Work order ▸
All records, exactly as written, minus the pictures: copy them out.

Source information ▸
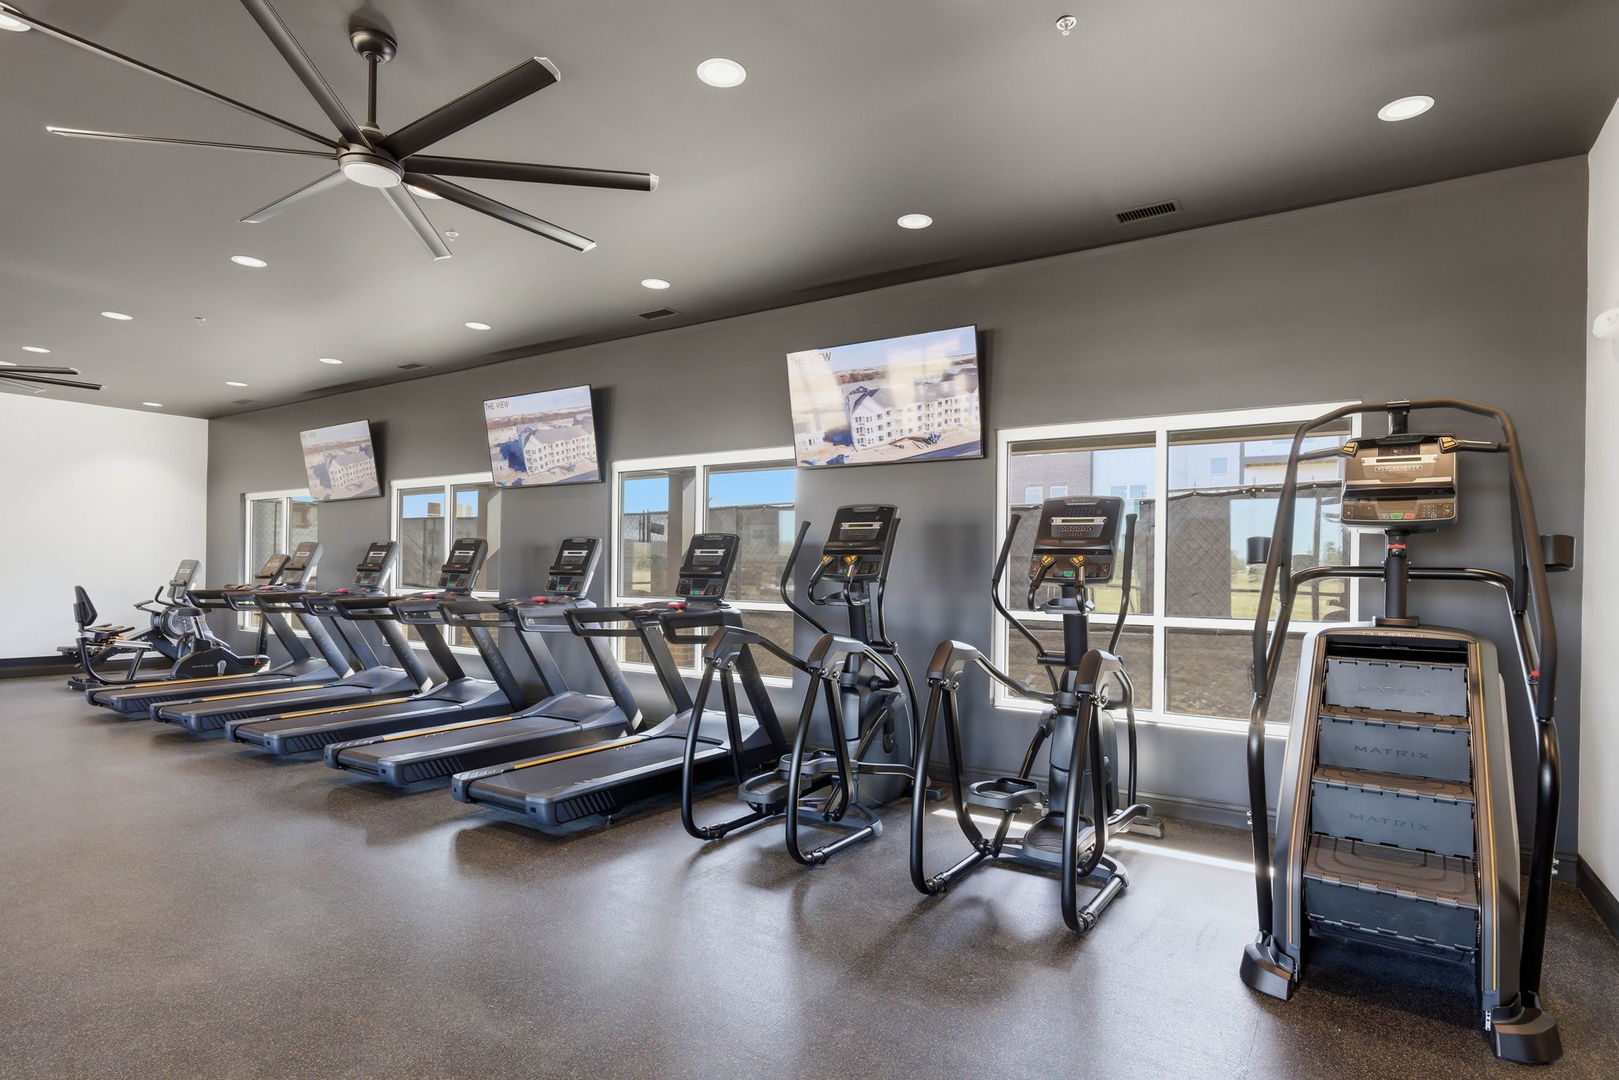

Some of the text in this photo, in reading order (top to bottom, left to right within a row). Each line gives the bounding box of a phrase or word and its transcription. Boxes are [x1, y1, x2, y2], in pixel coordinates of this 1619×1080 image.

[485, 400, 510, 411] THE VIEW
[1354, 744, 1429, 760] MATRIX
[1349, 812, 1430, 832] MATRIX
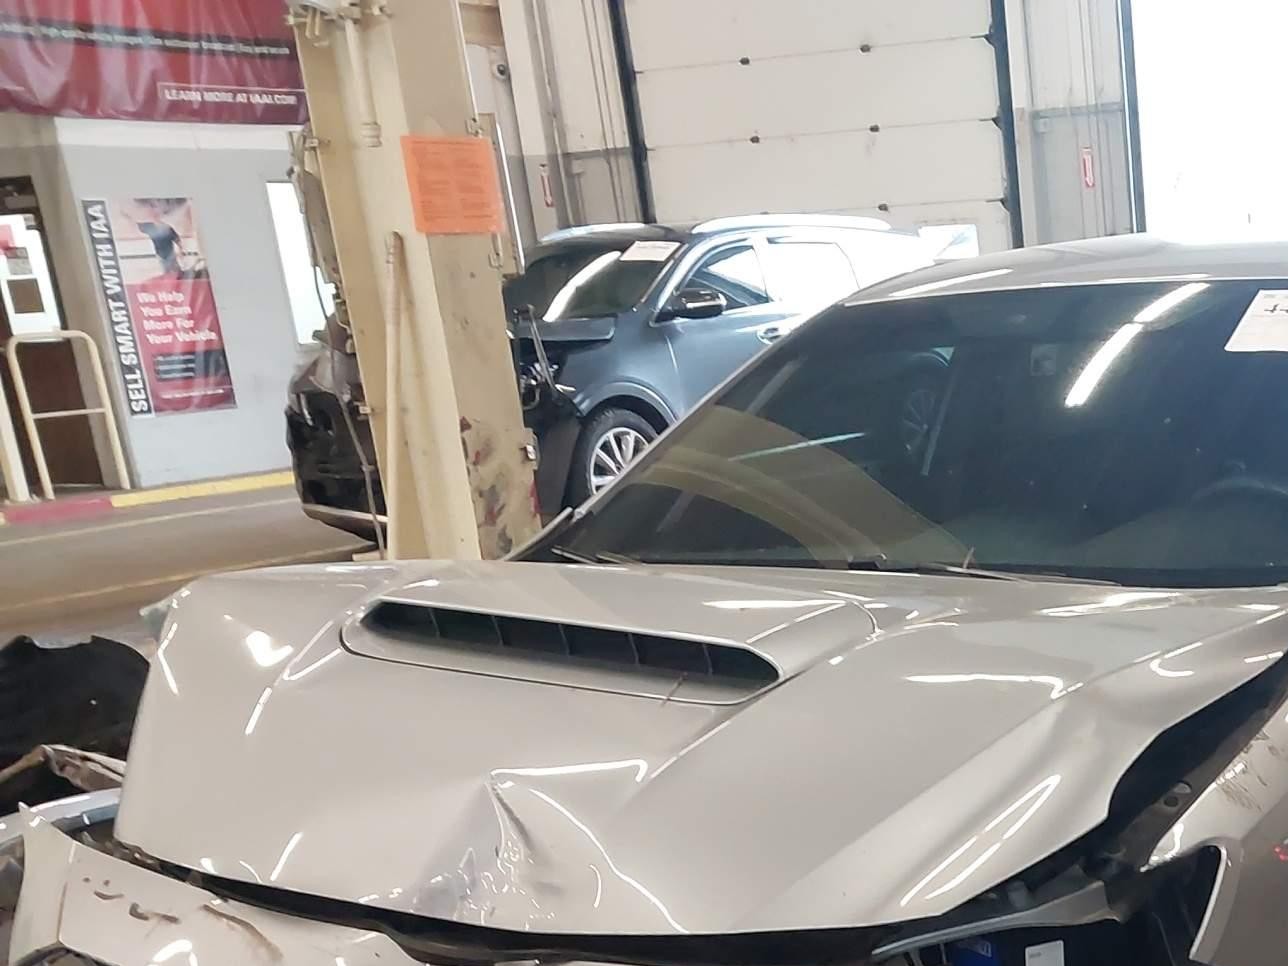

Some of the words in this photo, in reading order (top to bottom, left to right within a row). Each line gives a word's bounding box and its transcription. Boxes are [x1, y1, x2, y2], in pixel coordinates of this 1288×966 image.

[164, 89, 202, 101] LEARN
[203, 91, 234, 102] MORE
[236, 93, 248, 103] AT
[87, 204, 110, 239] IAA
[95, 243, 122, 295] WITH
[136, 292, 156, 303] We
[157, 291, 185, 303] Help
[140, 306, 163, 317] You
[164, 304, 192, 316] Earn
[108, 298, 139, 366] SMART
[143, 319, 174, 331] More
[175, 317, 195, 329] For
[146, 334, 174, 345] Your
[174, 329, 219, 342] Vehicle
[124, 368, 149, 412] SELL
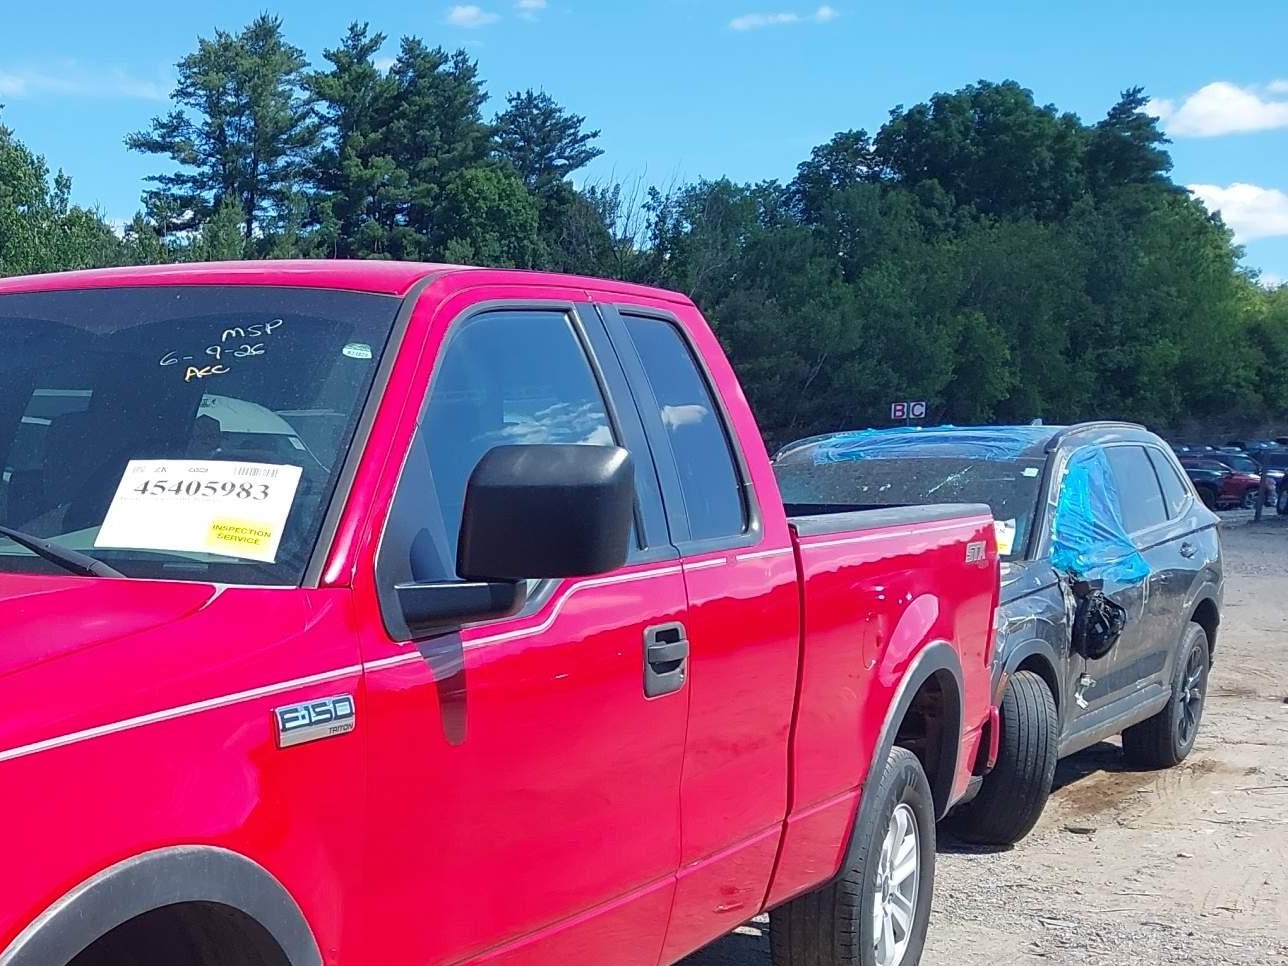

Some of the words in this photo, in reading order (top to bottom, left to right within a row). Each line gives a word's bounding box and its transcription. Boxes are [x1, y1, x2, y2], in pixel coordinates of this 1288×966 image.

Result below ▸
Some of the text in this photo, in reading order (top to bottom, left to right within a row). Each line gives the bounding box of a phrase or word and its transcription. Boxes are [x1, y1, x2, y2], in pixel coordinates of this 1619×1080 image.

[485, 400, 510, 411] THE VIEW
[1354, 744, 1429, 760] MATRIX
[1349, 812, 1430, 832] MATRIX

Some of the words in this photo, in reading order (top to bottom, left to right within a row). Each line gives a word's bounding box and its transcription. Boxes are [x1, y1, x2, y2], in pixel coordinates of this 1288×966 image.

[164, 89, 202, 101] LEARN
[203, 91, 234, 102] MORE
[236, 93, 248, 103] AT
[87, 204, 110, 239] IAA
[95, 243, 122, 295] WITH
[136, 292, 156, 303] We
[157, 291, 185, 303] Help
[140, 306, 163, 317] You
[164, 304, 192, 316] Earn
[108, 298, 139, 366] SMART
[143, 319, 174, 331] More
[175, 317, 195, 329] For
[146, 334, 174, 345] Your
[174, 329, 219, 342] Vehicle
[124, 368, 149, 412] SELL

Some of the words in this photo, in reading order (top to bottom, left to right within a row). Each line gives a word's bounding box and its transcription. Boxes are [x1, y1, x2, y2], in pixel coordinates of this 1288×966 image.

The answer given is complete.